START RECORD EXCERPTS
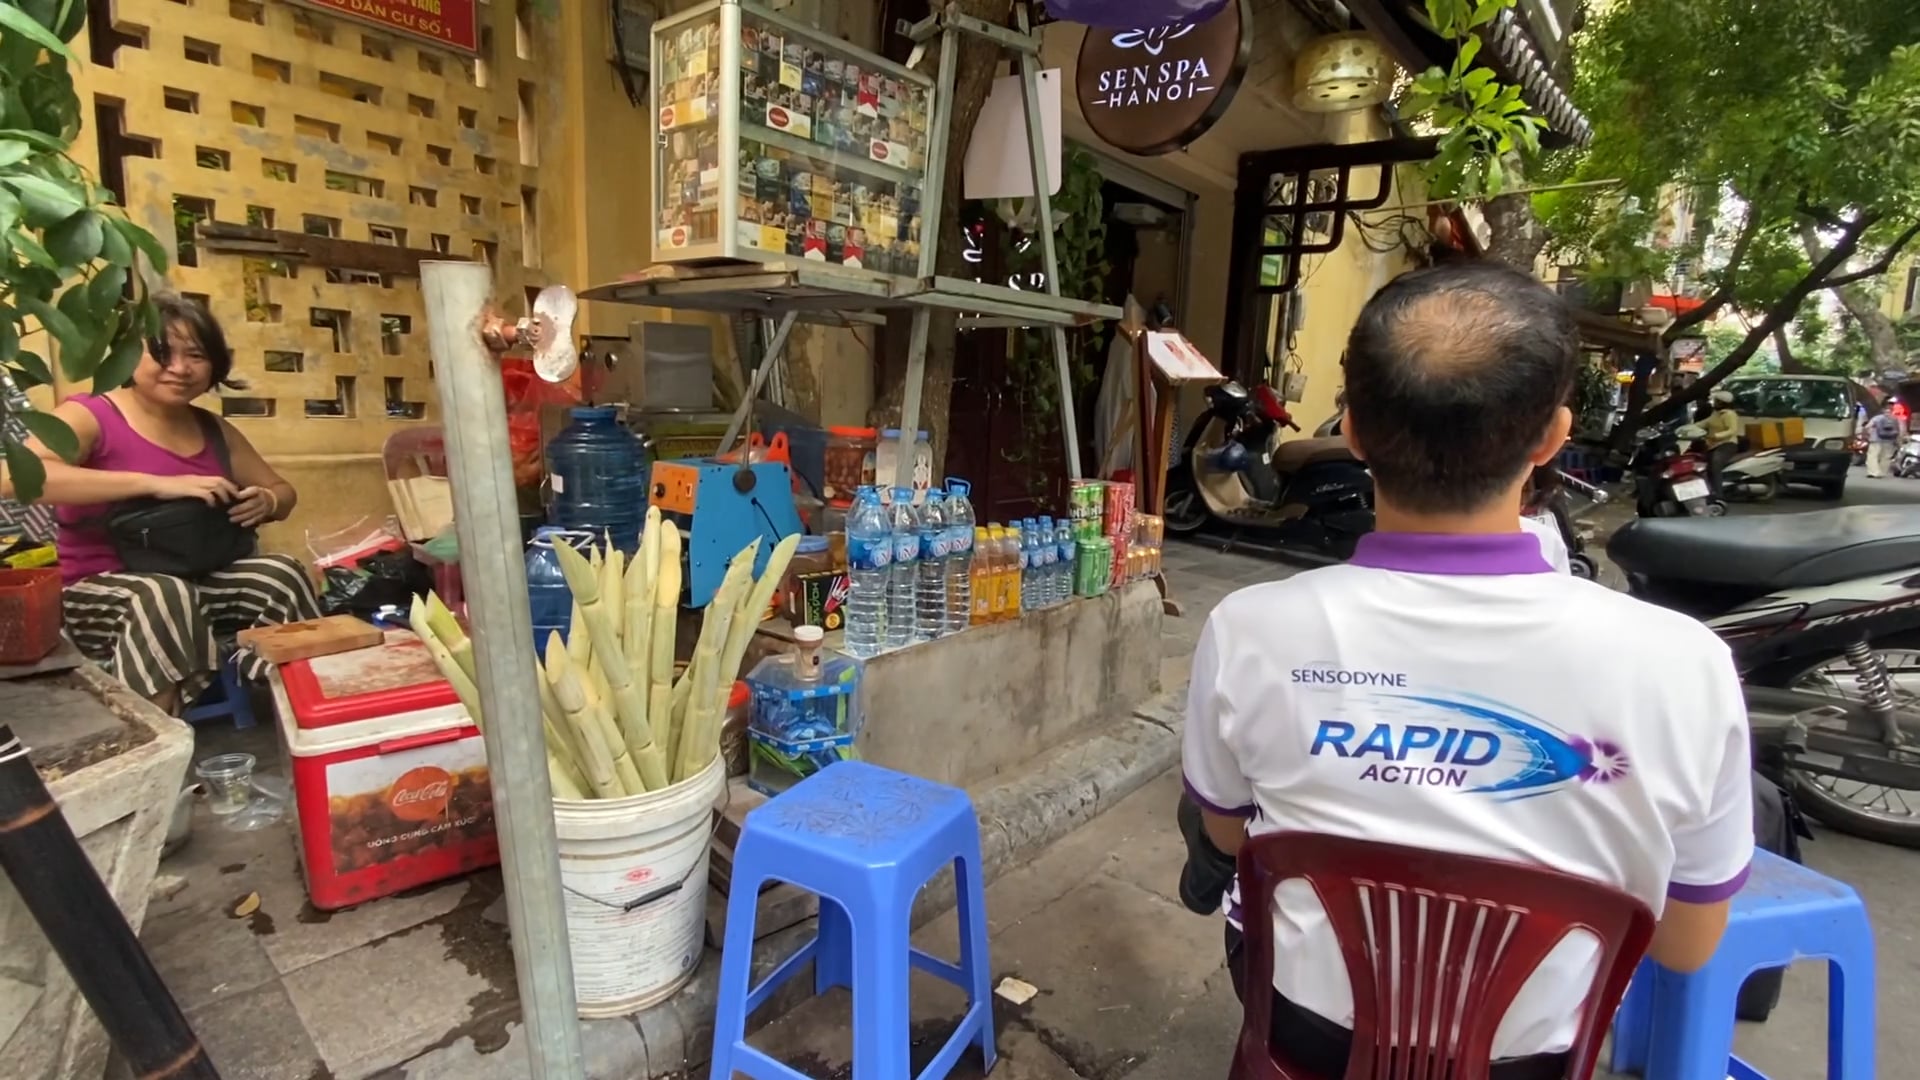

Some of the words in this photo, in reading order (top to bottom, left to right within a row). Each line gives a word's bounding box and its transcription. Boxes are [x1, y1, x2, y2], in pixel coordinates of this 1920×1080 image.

[445, 27, 452, 38] 1
[1098, 64, 1150, 92] SEN
[1157, 57, 1211, 84] SPA
[1291, 668, 1407, 688] SENSODYNE
[1310, 719, 1501, 767] RAPID
[1359, 764, 1468, 787] ACTION
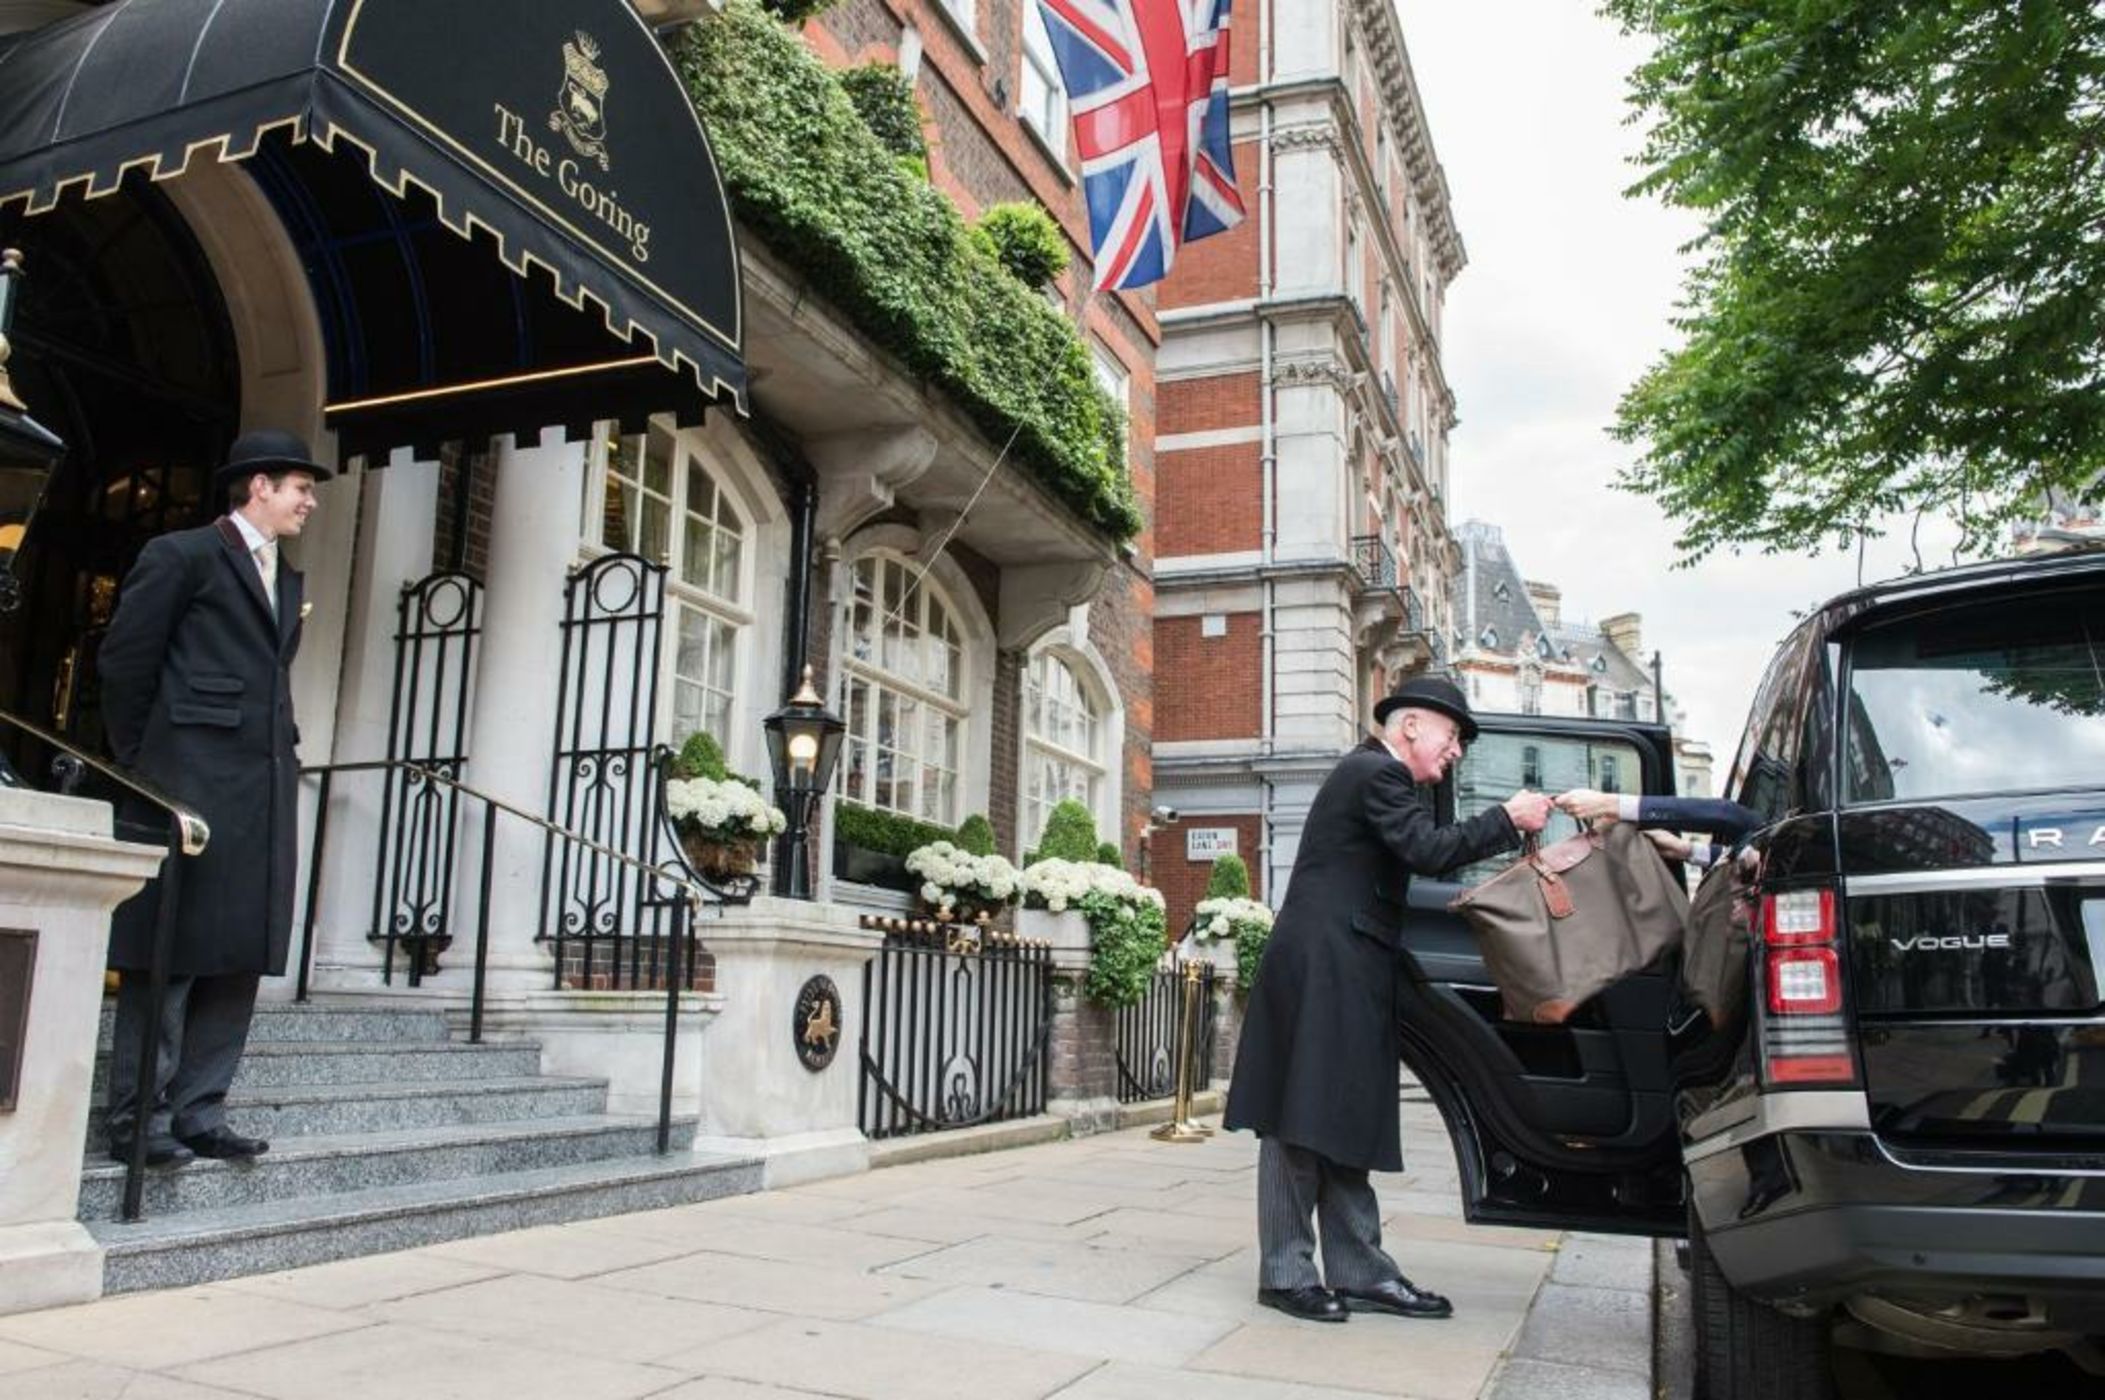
END RECORD EXCERPTS
Return an exact copy of the data above, apart from any pictures.

THE ANSWER:
Some of the words in this photo, in reading order (top to bottom, left to right within a row). Each line gives a word's bounding box and its transcription. Boxes are [x1, y1, x2, y2], in pixel coordinates of this 1920×1080 image.

[445, 27, 452, 38] 1
[1098, 64, 1150, 92] SEN
[1157, 57, 1211, 84] SPA
[1291, 668, 1407, 688] SENSODYNE
[1310, 719, 1501, 767] RAPID
[1359, 764, 1468, 787] ACTION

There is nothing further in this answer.